EXERCISE >> Starting at the line holding "Some of the words" and finishing at the line holding "this 1500×1000 image.", transcribe the material exactly, keeping both ends but no pictures.

DATA SECTION >>
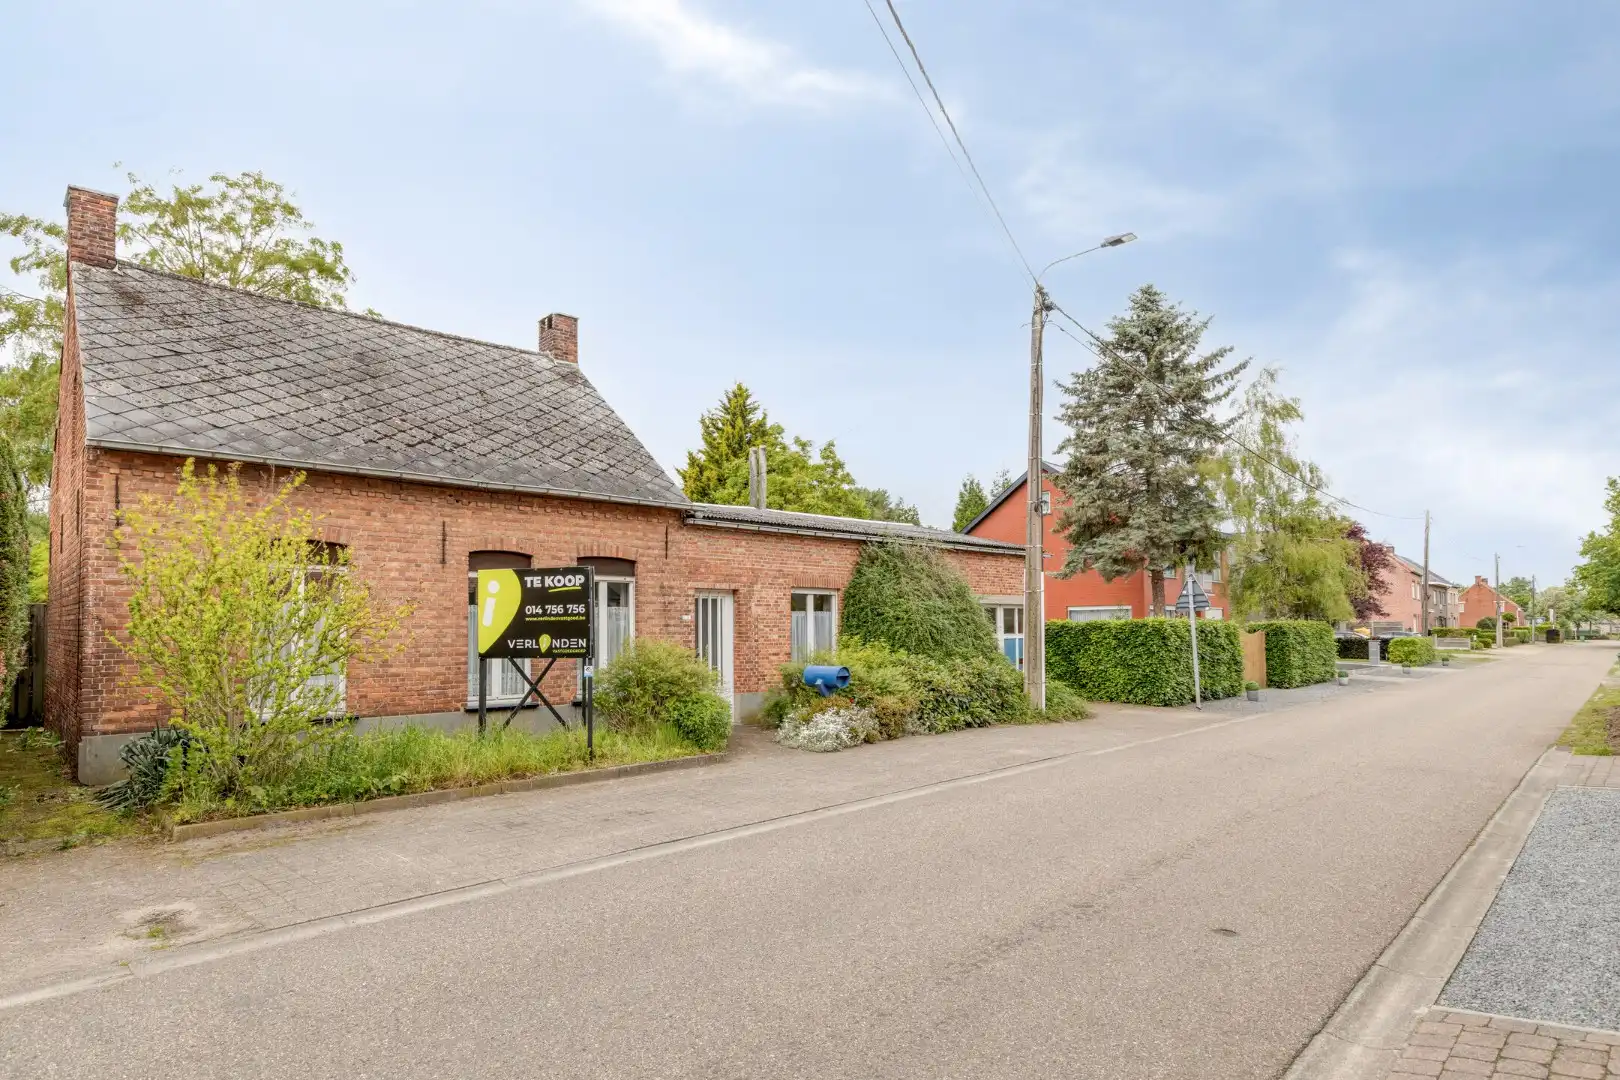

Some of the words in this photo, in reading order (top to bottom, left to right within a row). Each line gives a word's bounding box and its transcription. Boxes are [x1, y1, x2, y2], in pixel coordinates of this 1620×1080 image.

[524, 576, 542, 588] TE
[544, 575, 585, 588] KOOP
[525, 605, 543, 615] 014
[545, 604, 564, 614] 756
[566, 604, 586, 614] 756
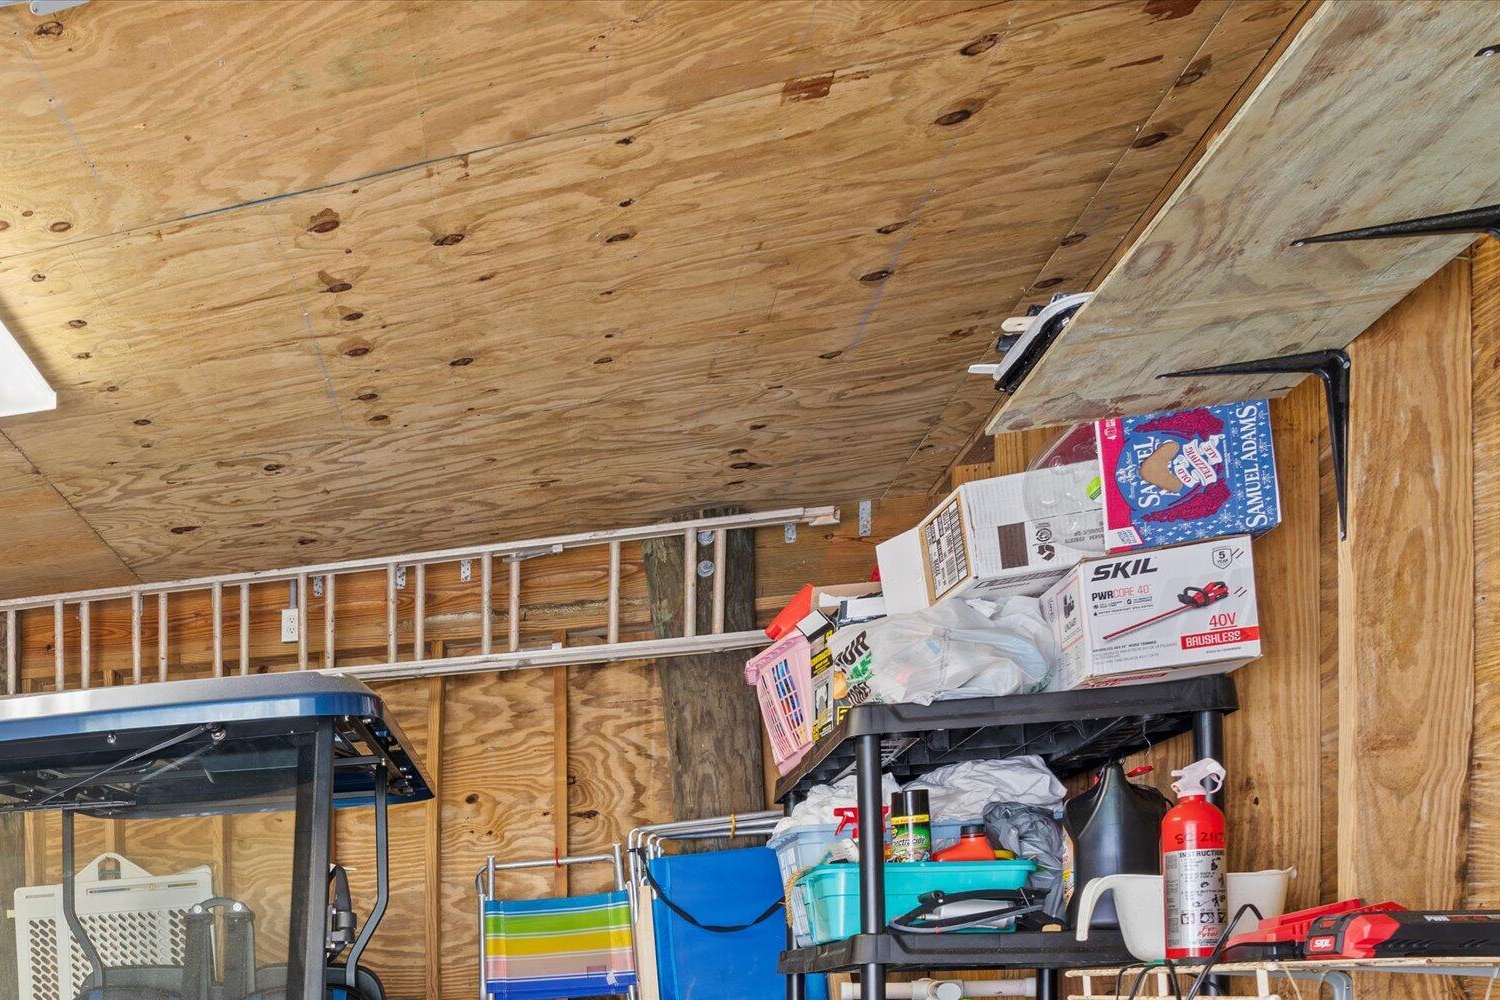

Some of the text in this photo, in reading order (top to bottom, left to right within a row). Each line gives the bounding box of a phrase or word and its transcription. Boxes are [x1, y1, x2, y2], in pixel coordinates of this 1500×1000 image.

...

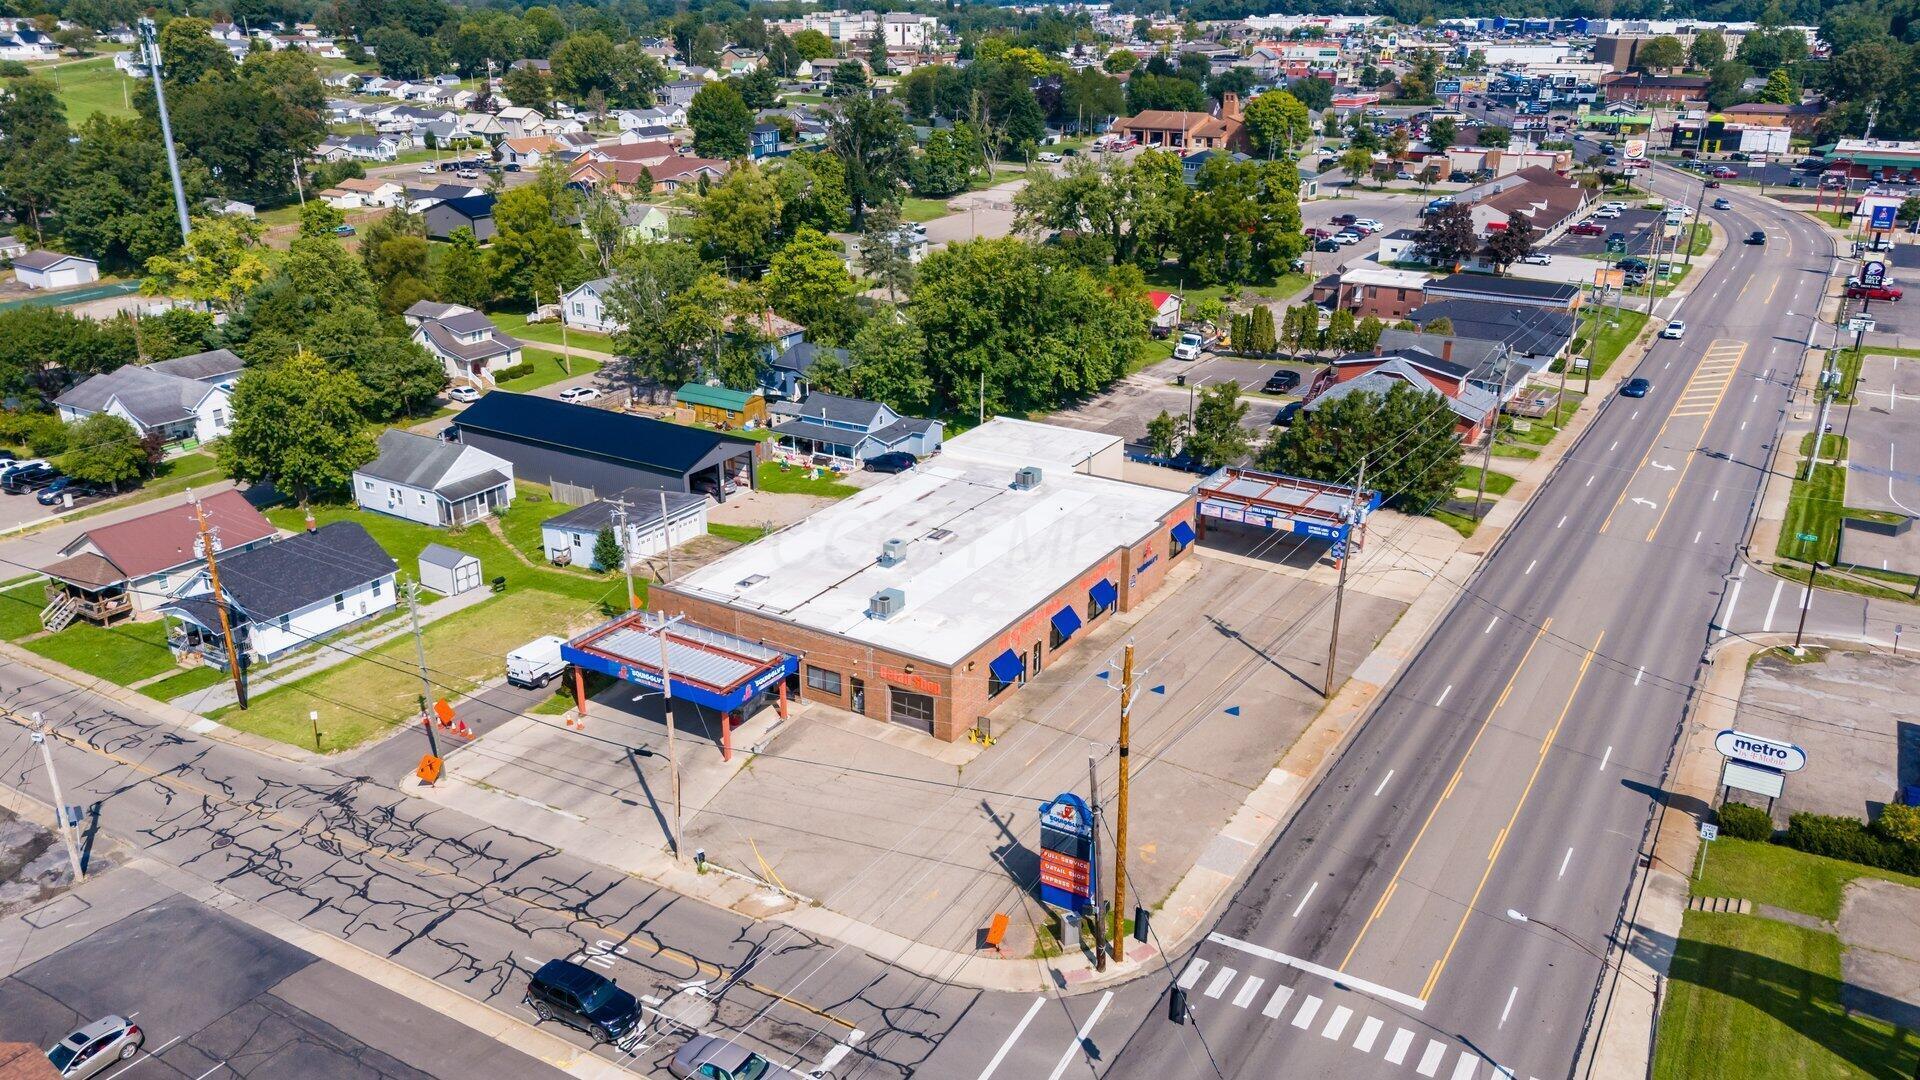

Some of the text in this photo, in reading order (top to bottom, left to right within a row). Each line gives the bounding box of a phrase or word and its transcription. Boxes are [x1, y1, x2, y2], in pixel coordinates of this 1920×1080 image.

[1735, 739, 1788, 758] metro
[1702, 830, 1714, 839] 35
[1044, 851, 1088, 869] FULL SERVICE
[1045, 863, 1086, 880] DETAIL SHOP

...

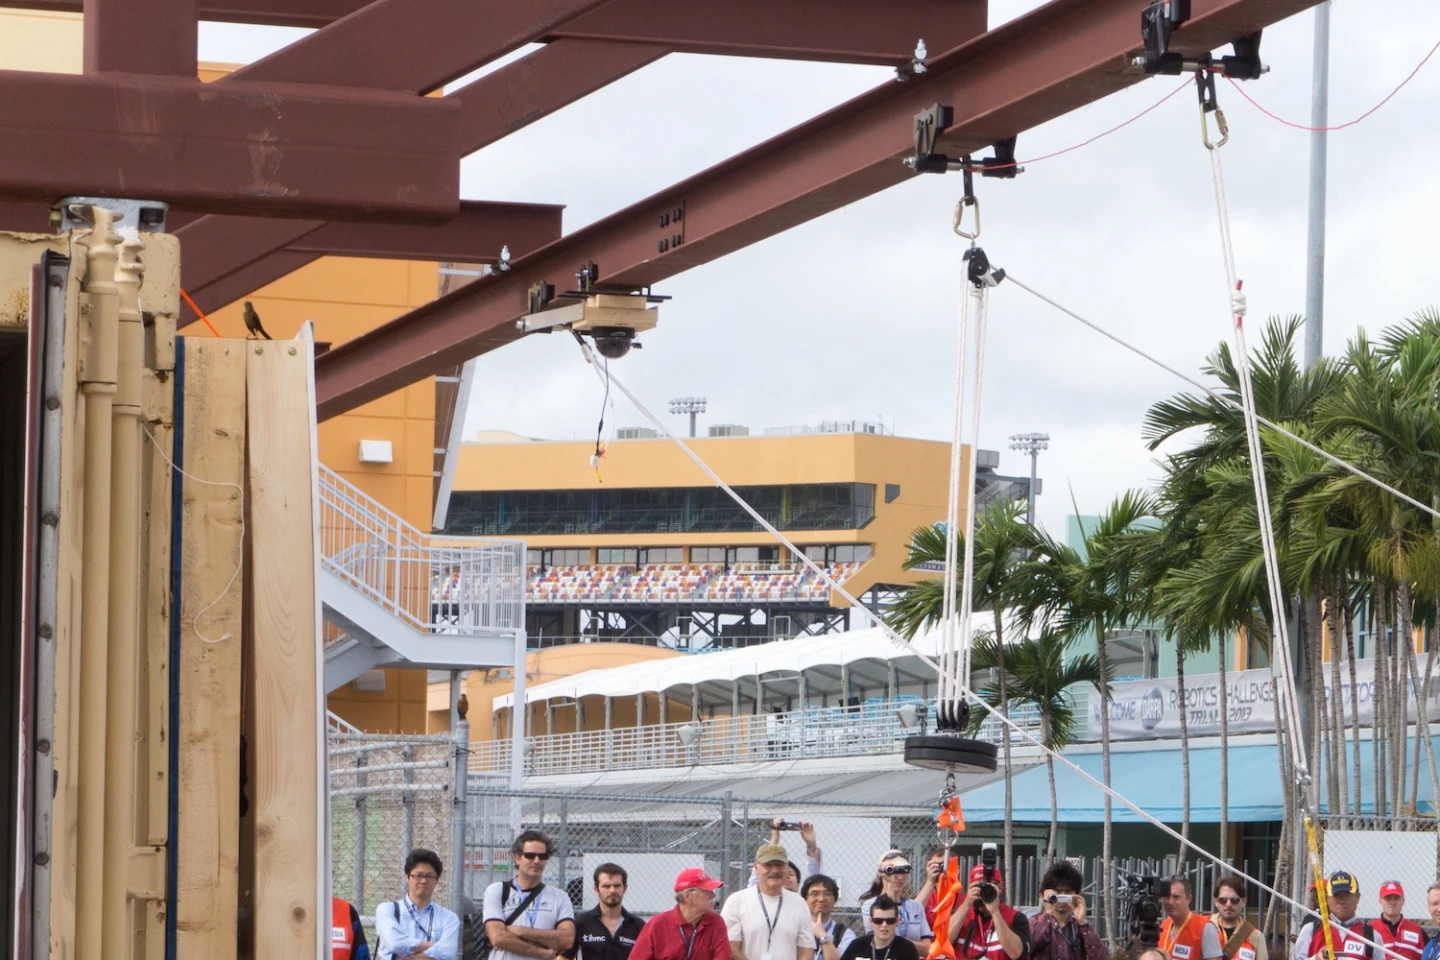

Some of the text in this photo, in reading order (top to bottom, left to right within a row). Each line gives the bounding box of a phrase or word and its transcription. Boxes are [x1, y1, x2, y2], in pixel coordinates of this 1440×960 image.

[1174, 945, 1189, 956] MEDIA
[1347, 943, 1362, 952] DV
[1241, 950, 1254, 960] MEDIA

SOLVED PROBLEM >>
Some of the words in this photo, in reading order (top to bottom, left to right within a row). Each line gives a word's bounding box and its transcription. Boxes are [x1, y1, x2, y2], in pixel coordinates of this 1620×1080 image.

[524, 576, 542, 588] TE
[544, 575, 585, 588] KOOP
[525, 605, 543, 615] 014
[545, 604, 564, 614] 756
[566, 604, 586, 614] 756

Some of the text in this photo, in reading order (top to bottom, left to right within a row). Each line gives the bounding box of a phrase or word and its transcription. Boxes are [x1, y1, x2, y2], in pixel coordinates of this 1500×1000 image.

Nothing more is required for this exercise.